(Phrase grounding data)
---------------
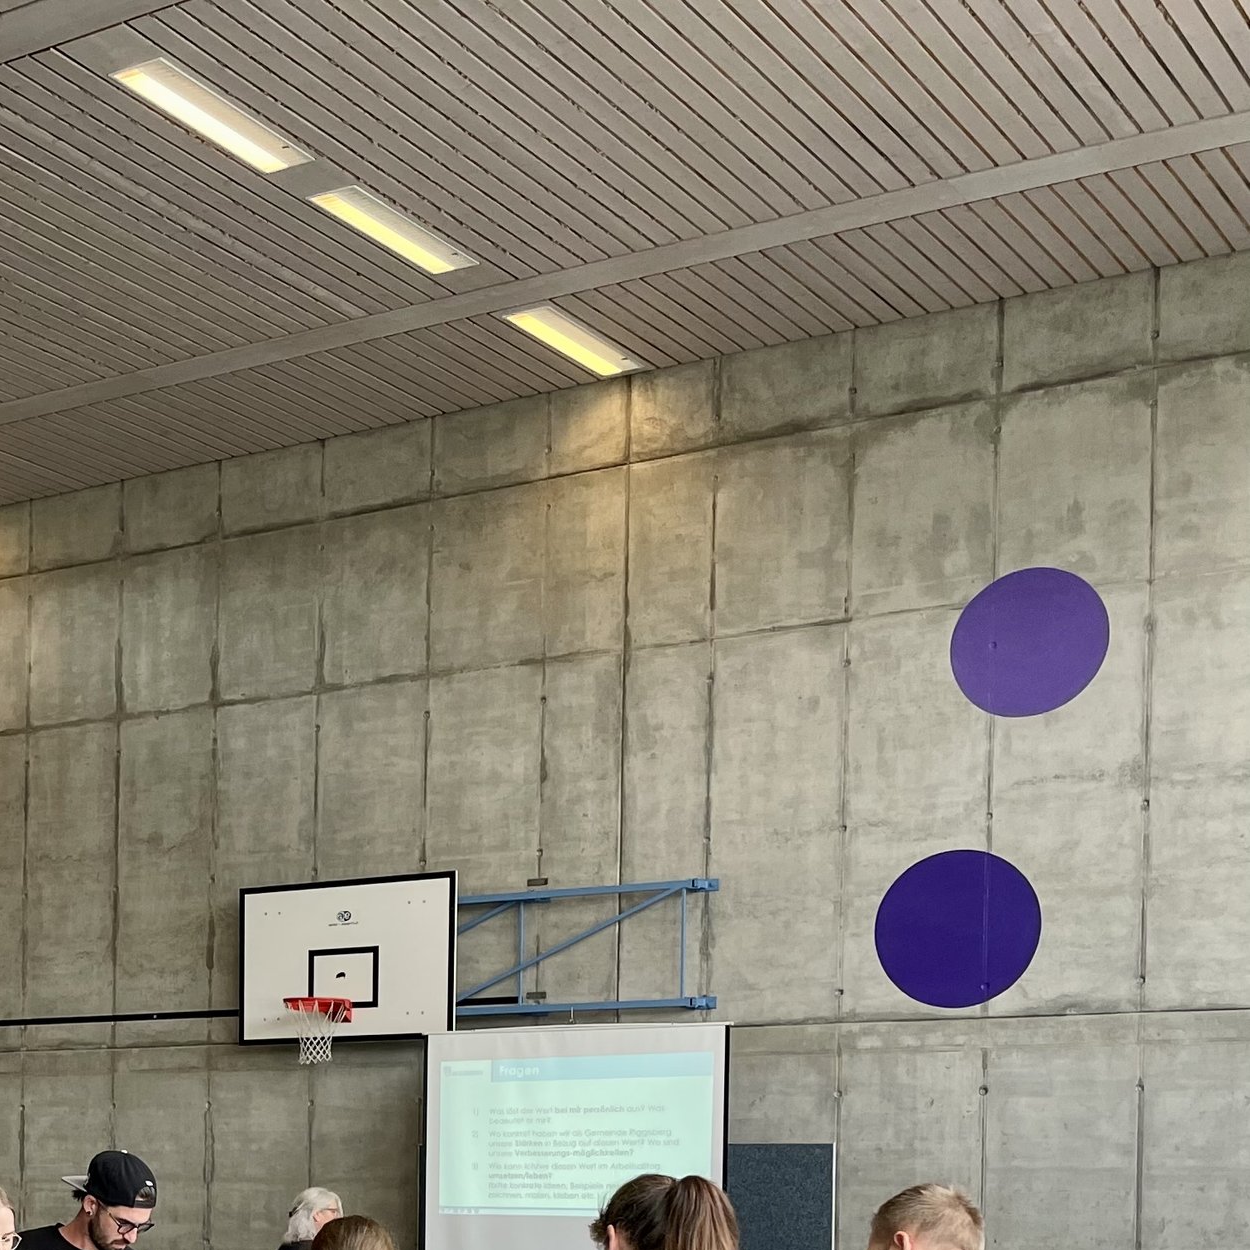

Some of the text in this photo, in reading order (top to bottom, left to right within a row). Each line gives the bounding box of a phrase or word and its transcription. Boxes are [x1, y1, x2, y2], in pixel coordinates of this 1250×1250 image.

[499, 1063, 540, 1078] Fragen
[554, 1105, 567, 1113] bei
[569, 1104, 581, 1113] mir
[583, 1104, 625, 1115] persönlich
[532, 1130, 558, 1138] haben
[584, 1128, 627, 1137] Gemeinde
[553, 1139, 577, 1149] Bezug
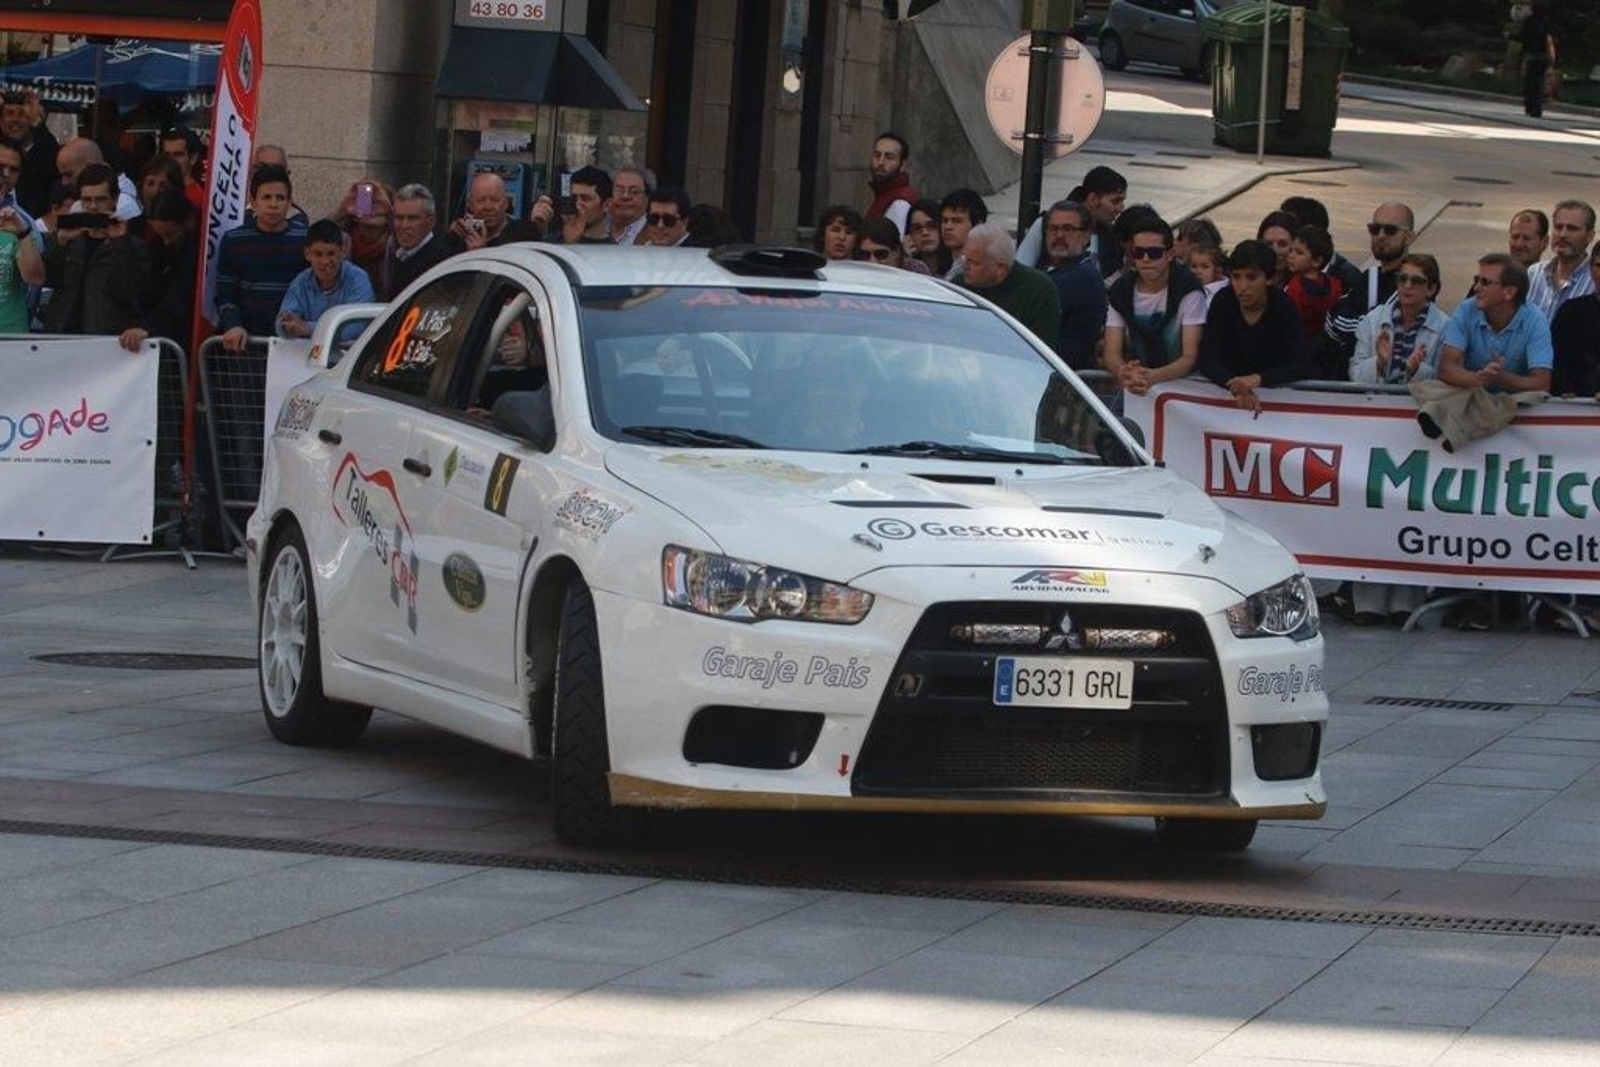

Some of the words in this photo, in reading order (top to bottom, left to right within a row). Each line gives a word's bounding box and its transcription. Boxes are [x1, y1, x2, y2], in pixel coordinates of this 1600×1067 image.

[472, 2, 492, 16] 43
[497, 3, 518, 17] 80
[523, 4, 543, 18] 36
[383, 305, 421, 373] 8
[491, 458, 512, 512] 8
[1210, 438, 1335, 500] MC
[345, 467, 389, 565] Talleres
[920, 522, 1091, 541] Gescomar
[1397, 526, 1512, 564] Grupo
[702, 645, 799, 690] Garaje
[1015, 668, 1075, 697] 6331
[1085, 671, 1129, 699] GRL
[1237, 663, 1304, 702] Garaje
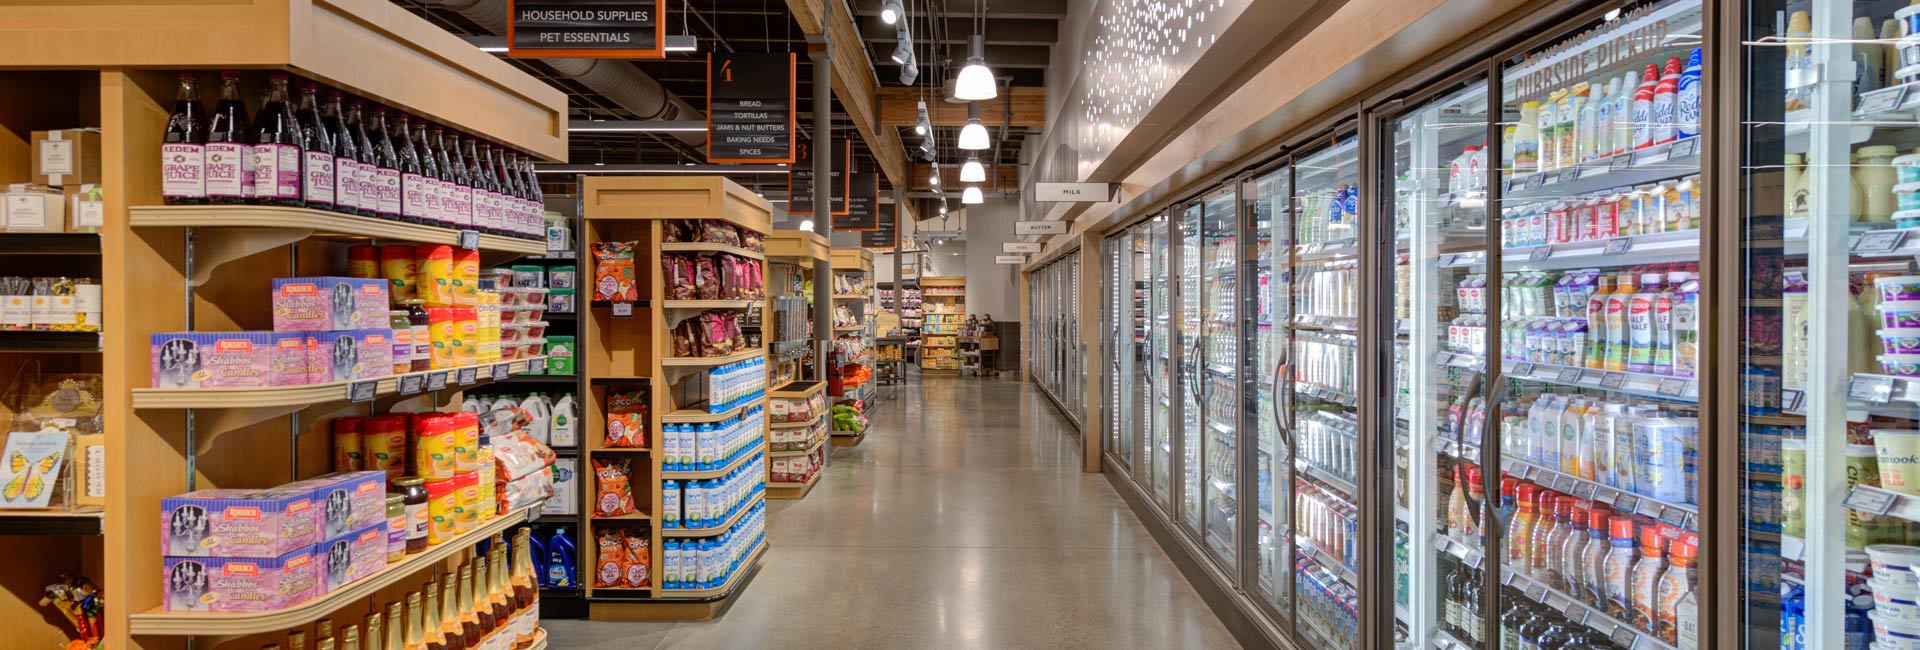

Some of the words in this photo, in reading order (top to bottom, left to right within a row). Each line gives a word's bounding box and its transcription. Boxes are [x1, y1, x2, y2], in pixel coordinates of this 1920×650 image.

[522, 10, 594, 21] HOUSEHOLD
[596, 11, 648, 22] SUPPLIES
[1545, 44, 1558, 58] US
[1562, 29, 1592, 53] SHOP
[1596, 18, 1620, 34] FOR
[1624, 2, 1654, 22] YOU
[540, 32, 560, 42] PET
[564, 32, 630, 42] ESSENTIALS
[1515, 51, 1590, 104] CURBSIDE
[1596, 18, 1668, 73] PICKUP
[798, 144, 807, 160] 3
[164, 164, 199, 172] GRAPE
[164, 172, 199, 180] JUICE
[276, 299, 316, 309] Shabbos
[287, 310, 325, 320] Candles
[210, 356, 252, 366] Shabbos
[220, 368, 260, 377] Candles
[219, 523, 260, 533] Shabbos
[1660, 526, 1680, 540] sale
[228, 535, 269, 545] Candles
[217, 579, 257, 589] Shabbos
[227, 590, 267, 601] Candles
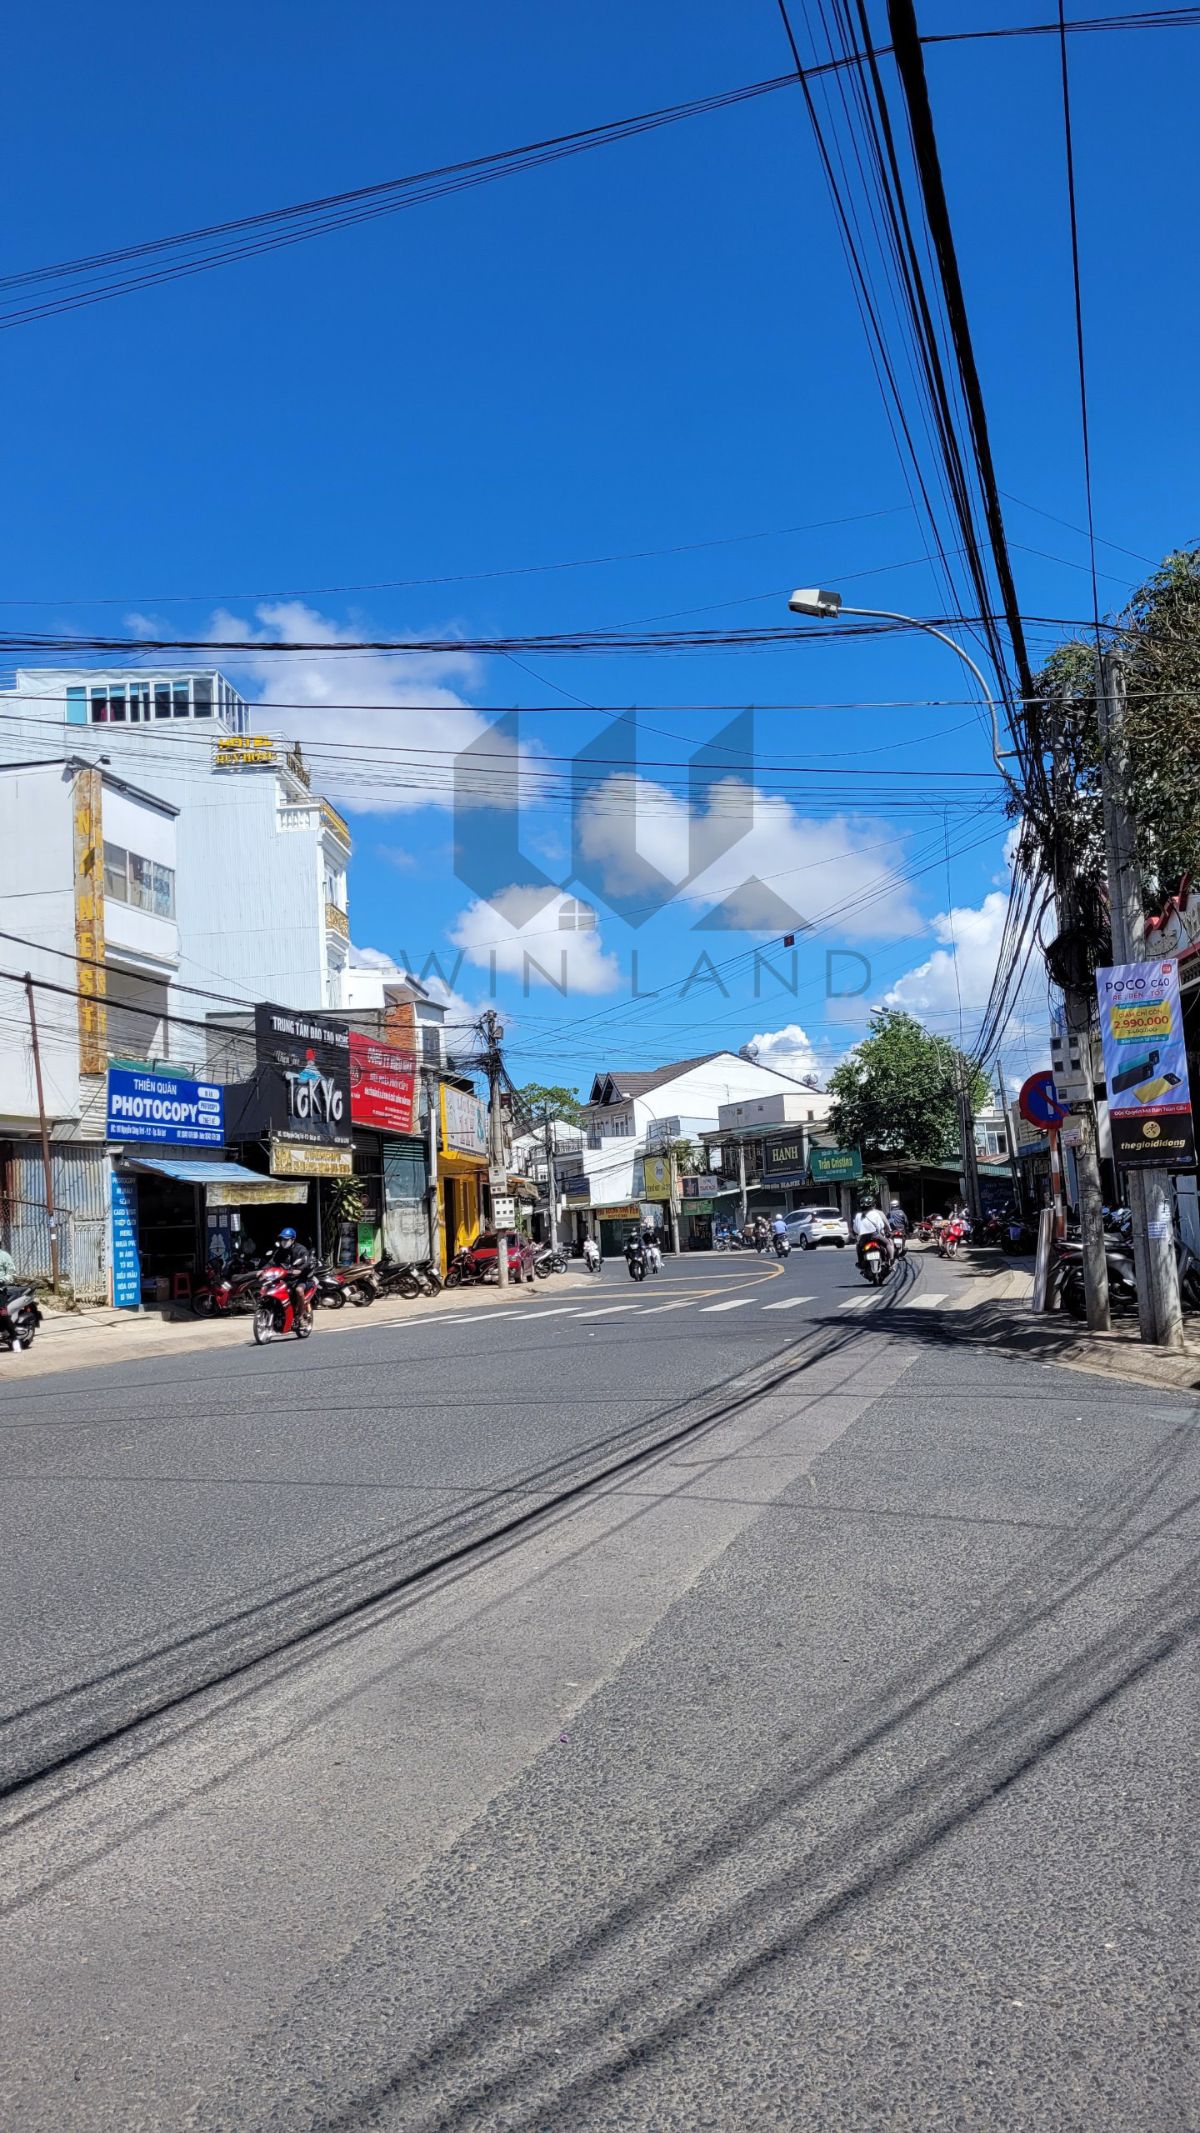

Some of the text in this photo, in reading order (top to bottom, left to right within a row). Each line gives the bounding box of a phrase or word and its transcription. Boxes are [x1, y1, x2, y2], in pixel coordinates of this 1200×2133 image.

[217, 736, 273, 749] HOTEL
[1105, 978, 1170, 993] POCO C40
[272, 1016, 294, 1035] TRUNG
[295, 1018, 310, 1039] TÂM
[1114, 1016, 1169, 1029] 2.990.000
[133, 1078, 177, 1096] THIÊN QUÂN
[111, 1094, 198, 1123] PHOTOCOPY
[1121, 1139, 1186, 1151] thegioididong
[772, 1146, 799, 1164] HẠNH
---------------
WORK INSTRUCTIONS
Would you return all the data exactly as given, minus the pictures?

ANSWER TO THE EXERCISE
Some of the text in this photo, in reading order (top to bottom, left to right within a row). Each line gives the bounding box of a phrase or word and its transcription. Boxes are [x1, y1, x2, y2], in pixel coordinates of this 1250×1250 image.

[499, 1063, 540, 1078] Fragen
[554, 1105, 567, 1113] bei
[569, 1104, 581, 1113] mir
[583, 1104, 625, 1115] persönlich
[532, 1130, 558, 1138] haben
[584, 1128, 627, 1137] Gemeinde
[553, 1139, 577, 1149] Bezug

Some of the words in this photo, in reading order (top to bottom, left to right within a row). Each line gives a word's bounding box and its transcription. Boxes are [x1, y1, x2, y2], in pixel coordinates of this 1600×1067 image.

[472, 2, 492, 16] 43
[497, 3, 518, 17] 80
[523, 4, 543, 18] 36
[383, 305, 421, 373] 8
[491, 458, 512, 512] 8
[1210, 438, 1335, 500] MC
[345, 467, 389, 565] Talleres
[920, 522, 1091, 541] Gescomar
[1397, 526, 1512, 564] Grupo
[702, 645, 799, 690] Garaje
[1015, 668, 1075, 697] 6331
[1085, 671, 1129, 699] GRL
[1237, 663, 1304, 702] Garaje

Some of the words in this photo, in reading order (top to bottom, left to right within a row). Each line gives a word's bounding box and its transcription. Boxes are [x1, y1, x2, y2], in pixel coordinates of this 1920×650 image.

[522, 10, 594, 21] HOUSEHOLD
[596, 11, 648, 22] SUPPLIES
[1545, 44, 1558, 58] US
[1562, 29, 1592, 53] SHOP
[1596, 18, 1620, 34] FOR
[1624, 2, 1654, 22] YOU
[540, 32, 560, 42] PET
[564, 32, 630, 42] ESSENTIALS
[1515, 51, 1590, 104] CURBSIDE
[1596, 18, 1668, 73] PICKUP
[798, 144, 807, 160] 3
[164, 164, 199, 172] GRAPE
[164, 172, 199, 180] JUICE
[276, 299, 316, 309] Shabbos
[287, 310, 325, 320] Candles
[210, 356, 252, 366] Shabbos
[220, 368, 260, 377] Candles
[219, 523, 260, 533] Shabbos
[1660, 526, 1680, 540] sale
[228, 535, 269, 545] Candles
[217, 579, 257, 589] Shabbos
[227, 590, 267, 601] Candles

Some of the text in this photo, in reading order (top to bottom, left to right within a row). Each line gives the bounding box of a phrase or word and its transcription. Boxes are [x1, y1, x2, y2], in pixel coordinates of this 1200×2133 image.

[217, 736, 273, 749] HOTEL
[1105, 978, 1170, 993] POCO C40
[272, 1016, 294, 1035] TRUNG
[295, 1018, 310, 1039] TÂM
[1114, 1016, 1169, 1029] 2.990.000
[133, 1078, 177, 1096] THIÊN QUÂN
[111, 1094, 198, 1123] PHOTOCOPY
[1121, 1139, 1186, 1151] thegioididong
[772, 1146, 799, 1164] HẠNH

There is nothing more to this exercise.